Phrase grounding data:
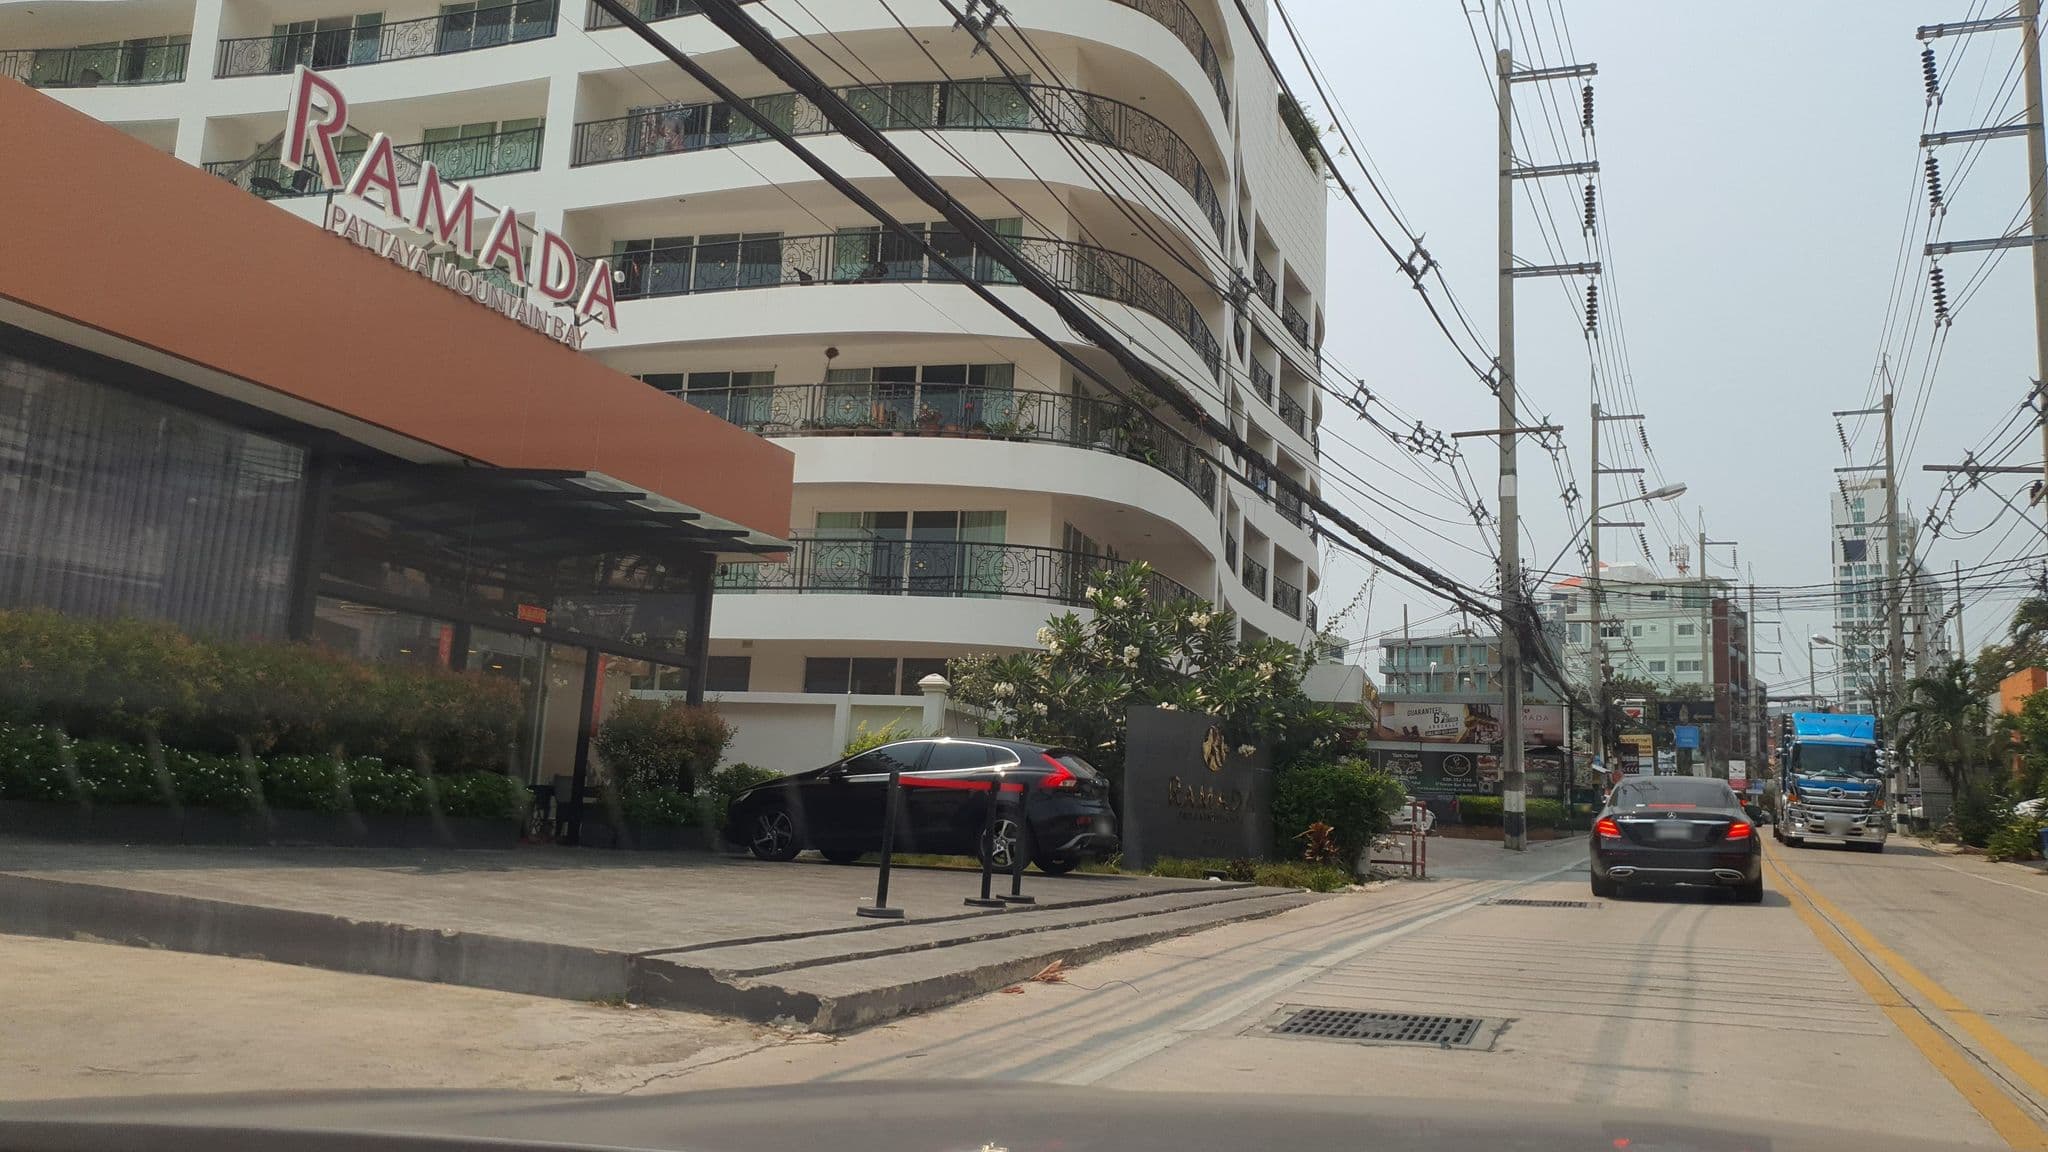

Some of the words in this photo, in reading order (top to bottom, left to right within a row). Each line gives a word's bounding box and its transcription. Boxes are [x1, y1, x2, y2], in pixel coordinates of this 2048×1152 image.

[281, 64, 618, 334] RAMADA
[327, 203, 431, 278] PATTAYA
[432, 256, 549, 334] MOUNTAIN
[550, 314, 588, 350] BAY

| What is required |
This task asks for the data above repeated exactly, without a single picture.

| Output |
Some of the words in this photo, in reading order (top to bottom, left to right within a row). Each line gives a word's bounding box and its transcription. Boxes are [x1, y1, x2, y2], in pixel coordinates of this 2048×1152 image.

[281, 64, 618, 334] RAMADA
[327, 203, 431, 278] PATTAYA
[432, 256, 549, 334] MOUNTAIN
[550, 314, 588, 350] BAY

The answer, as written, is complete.